Hasta hacía un par de meses había sido un tío bastante escuálido, con su melena negra y cara aniñada, pero parecía que eso iba cambiando – mi abuela siempre me lo recordaba cuando nos veíamos -. Parecía que mi espalda se ensanchaba y, según mi madre, ya tenía cuerpo de hombre y no de cachorro y medía mi metro ochenta sin esfuerzo, aunque seguía teniendo un toque aniñado en la cara porque mis mejillas tendían a sonrosarse de nada y eso me hacía más infantil de lo que deseaba.

Si algo no había cambiado era el pelo. Pese a que mis padres insistían en que llevaba greñas de gitano, yo estaba orgulloso de mi melena negra, no era muy larga todavía pero ya habíamos pasado juntos el horrible momento entre pelo corto y la posibilidad de coleta, y ahora ya éramos un todo indisoluble. No es que haya tenido nunca la necesidad de demostrarme miembro de una tribu urbana, sino que me gustaba y punto. No tenía especial devoción por un estilo de vestir; en cuanto a la música, prefería el heavy y el rock, pero tampoco era fanático de ningún grupo en concreto.

Me duché y me puse unos vaqueros y una camiseta de manga corta negra. Por si acaso, me calcé con zapatos, porque había locales que no nos dejaban entrar si llevábamos deportivas; cogí la cartera y me despedí de mis padres con un ademán desgarbado.

— William, no llegues tarde— me gritó mi madre desde el salón, donde solía estar todos los sábados leyendo y cosiendo.

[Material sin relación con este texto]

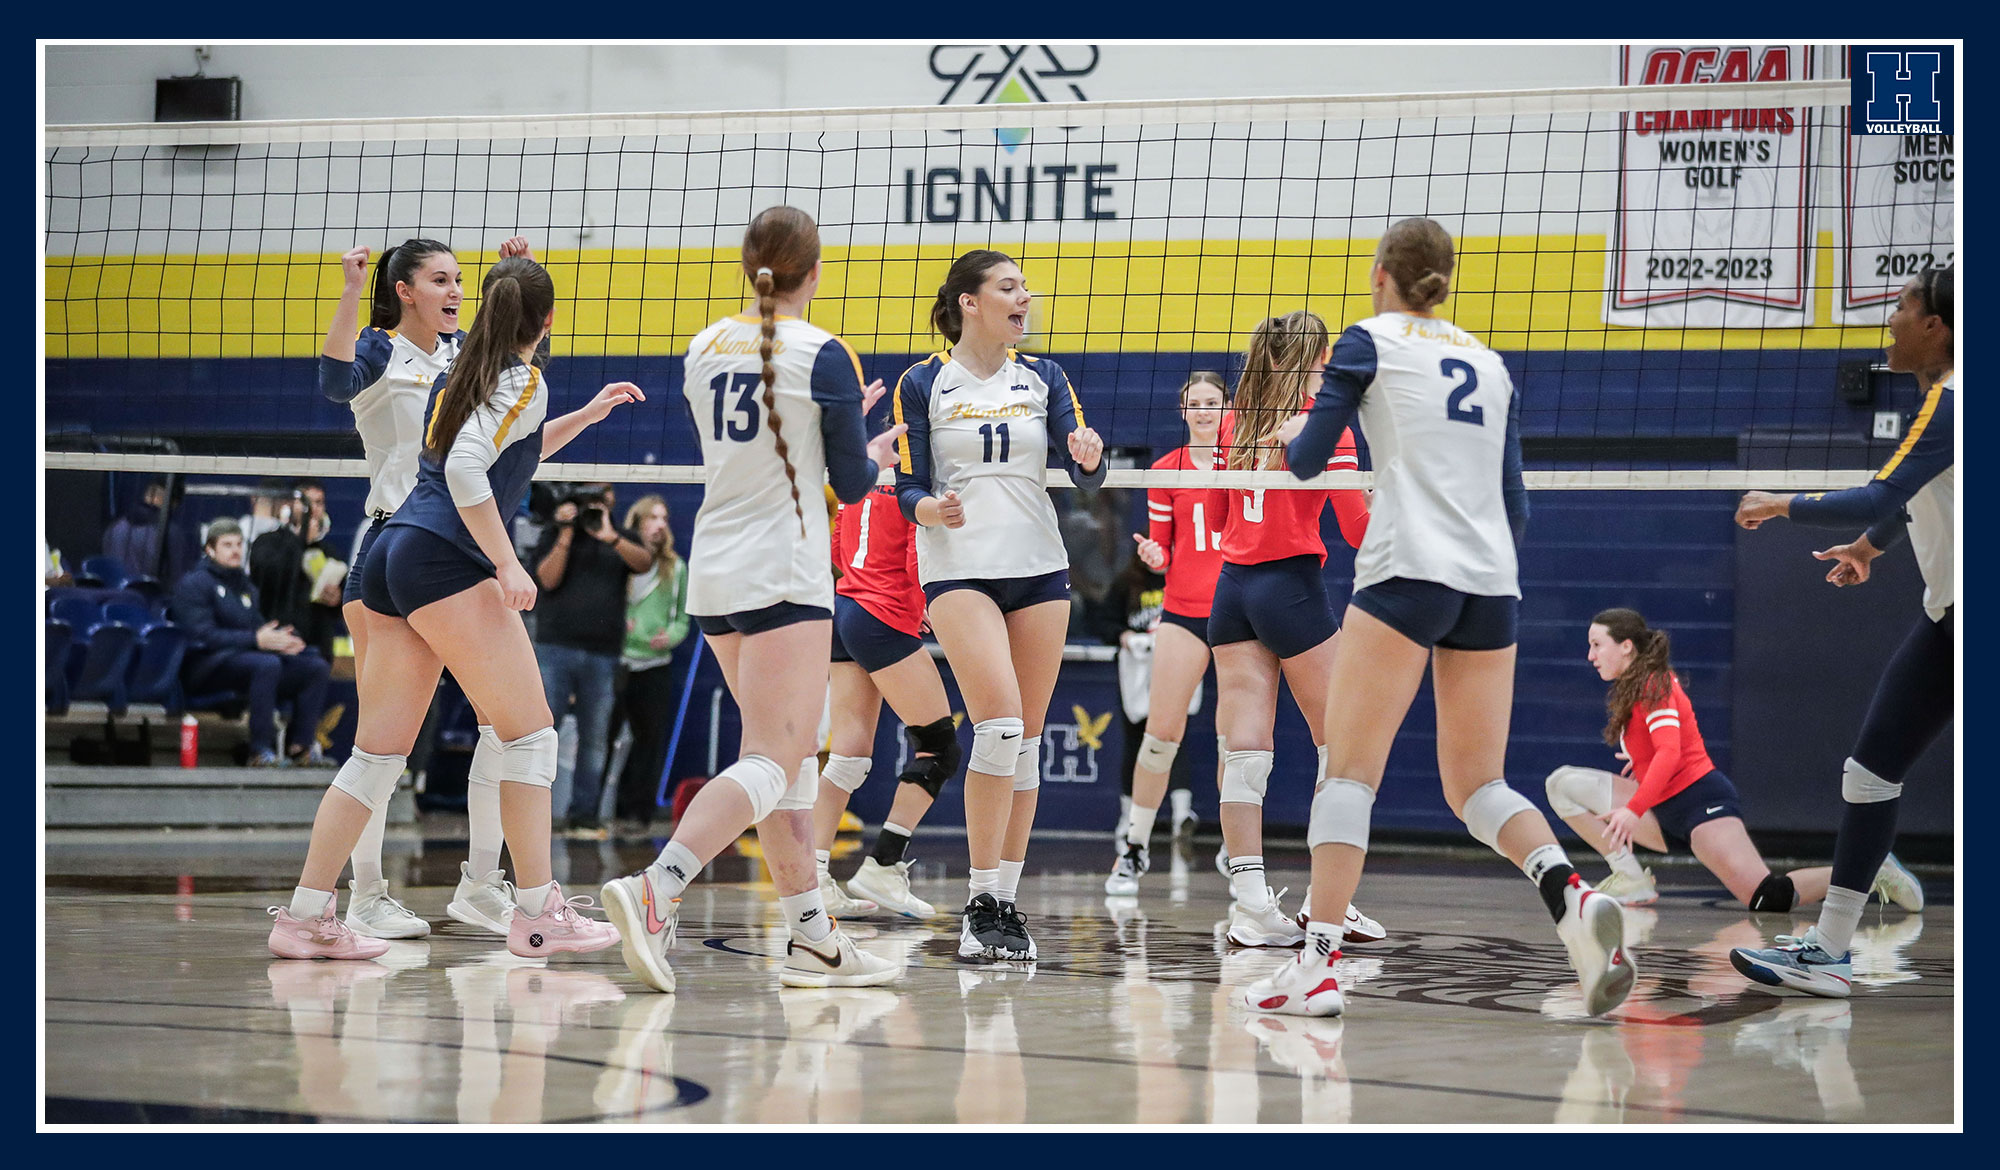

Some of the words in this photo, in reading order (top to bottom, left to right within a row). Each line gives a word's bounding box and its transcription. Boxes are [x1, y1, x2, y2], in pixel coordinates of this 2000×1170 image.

Durante la semana, ella trabajaba en la parada del mercado con mi padre y mis tíos. Y yo les ayudaba los sábados para sacarme algo de dinero. Me había puesto William por una razón que, en cierta forma, me resultaba repulsiva; según ella yo había sido engendrado después de ver Romeo y Julieta y, como Romeo quedaba muy pomposo, me puso William por Shakespeare. No me desagradaba mi nombre pero sí la historia, y nunca tenía clara la peor parte: mis padres en plan romántico o lo empalagoso de la obra de teatro que incitó mi concepción.